__Annotated photo localization data__.
# # #

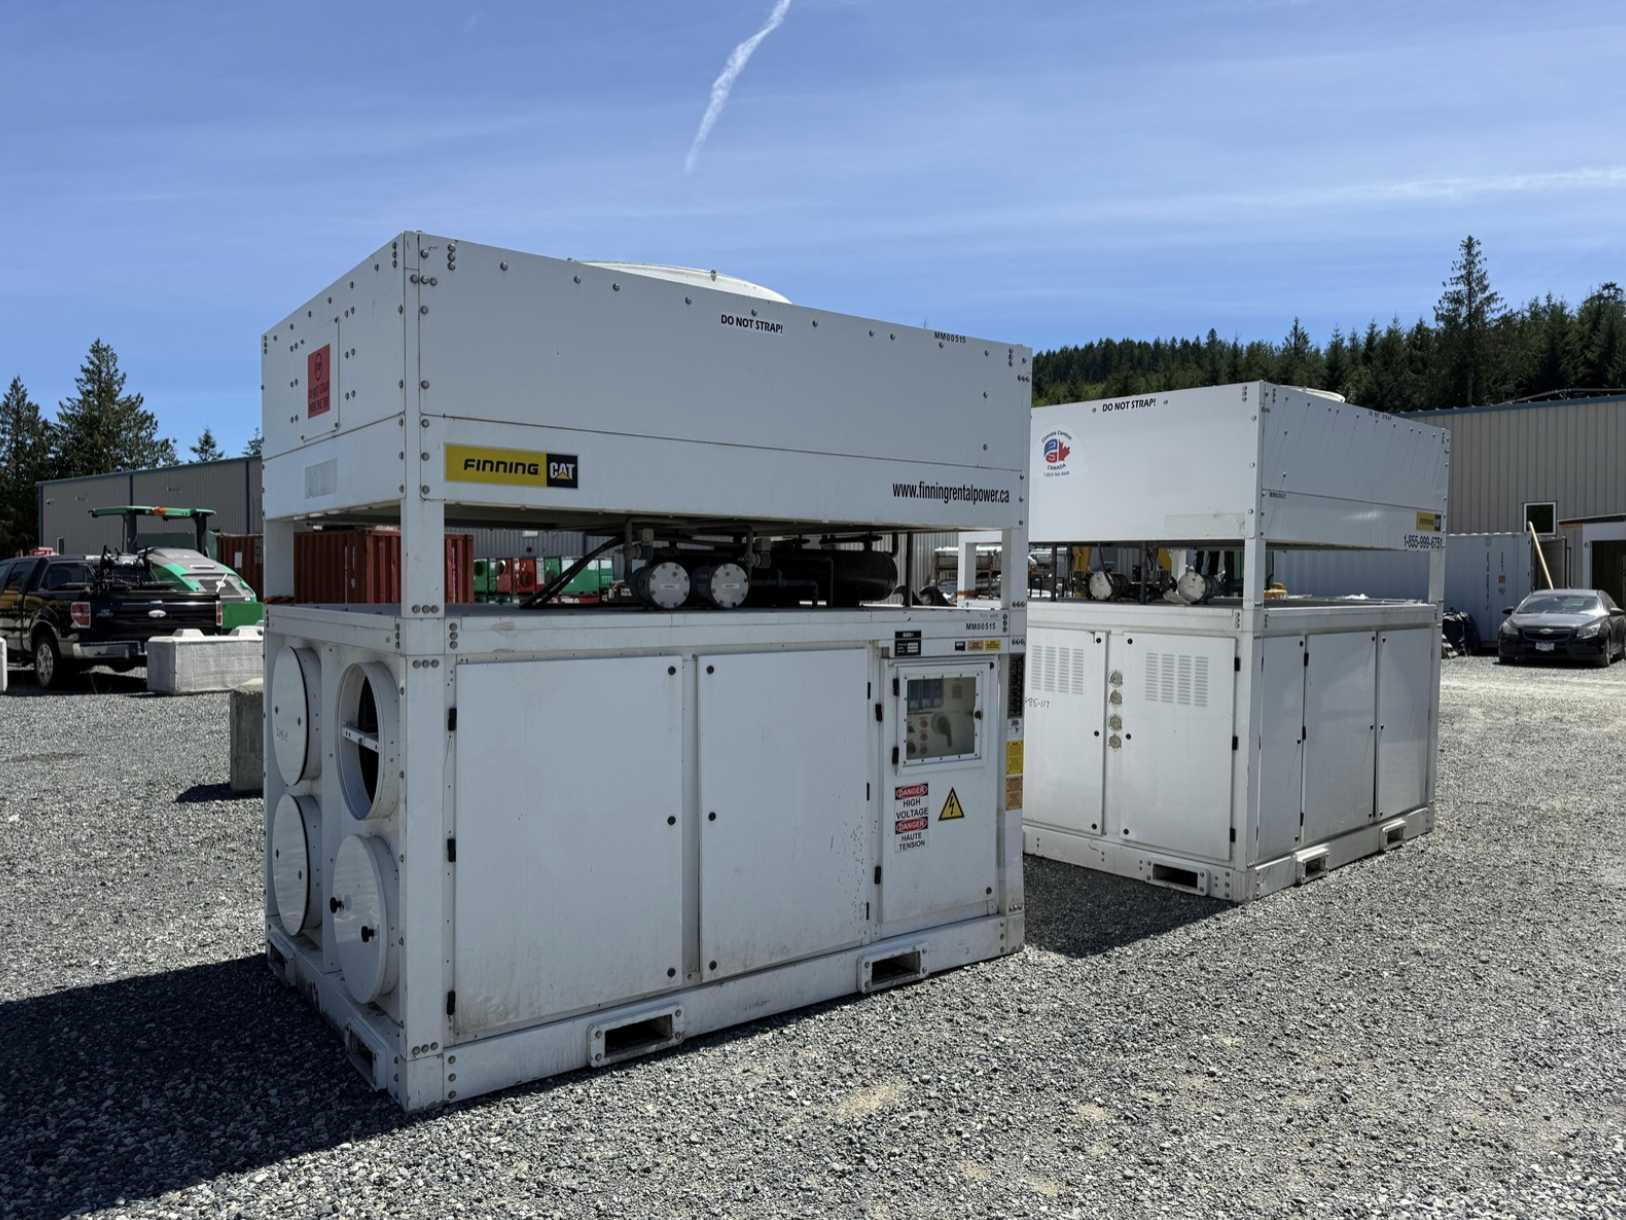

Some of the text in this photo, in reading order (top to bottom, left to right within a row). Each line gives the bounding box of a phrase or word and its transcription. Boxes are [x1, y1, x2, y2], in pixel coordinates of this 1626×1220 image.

[721, 314, 783, 334] DO NOT STRAP!
[934, 331, 966, 344] MM00515
[1102, 398, 1156, 412] DO NOT STRAP!
[463, 458, 575, 480] FINNING CAT
[892, 480, 1010, 505] www.finningrentalpower.ca
[965, 622, 996, 631] MM00515
[899, 786, 925, 797] DANGER
[903, 798, 920, 808] HIGH
[896, 807, 928, 820] VOLTAGE
[899, 820, 925, 831] DANGER
[901, 832, 922, 842] HAUTE
[899, 840, 925, 851] TENSION

# # #

__What you have to do__.
With the images left out, output all the entries above exactly.

__Answer for this exercise__.
Some of the text in this photo, in reading order (top to bottom, left to right within a row). Each line gives the bounding box of a phrase or word and its transcription. Boxes are [x1, y1, x2, y2], in pixel coordinates of this 1626×1220 image.

[721, 314, 783, 334] DO NOT STRAP!
[934, 331, 966, 344] MM00515
[1102, 398, 1156, 412] DO NOT STRAP!
[463, 458, 575, 480] FINNING CAT
[892, 480, 1010, 505] www.finningrentalpower.ca
[965, 622, 996, 631] MM00515
[899, 786, 925, 797] DANGER
[903, 798, 920, 808] HIGH
[896, 807, 928, 820] VOLTAGE
[899, 820, 925, 831] DANGER
[901, 832, 922, 842] HAUTE
[899, 840, 925, 851] TENSION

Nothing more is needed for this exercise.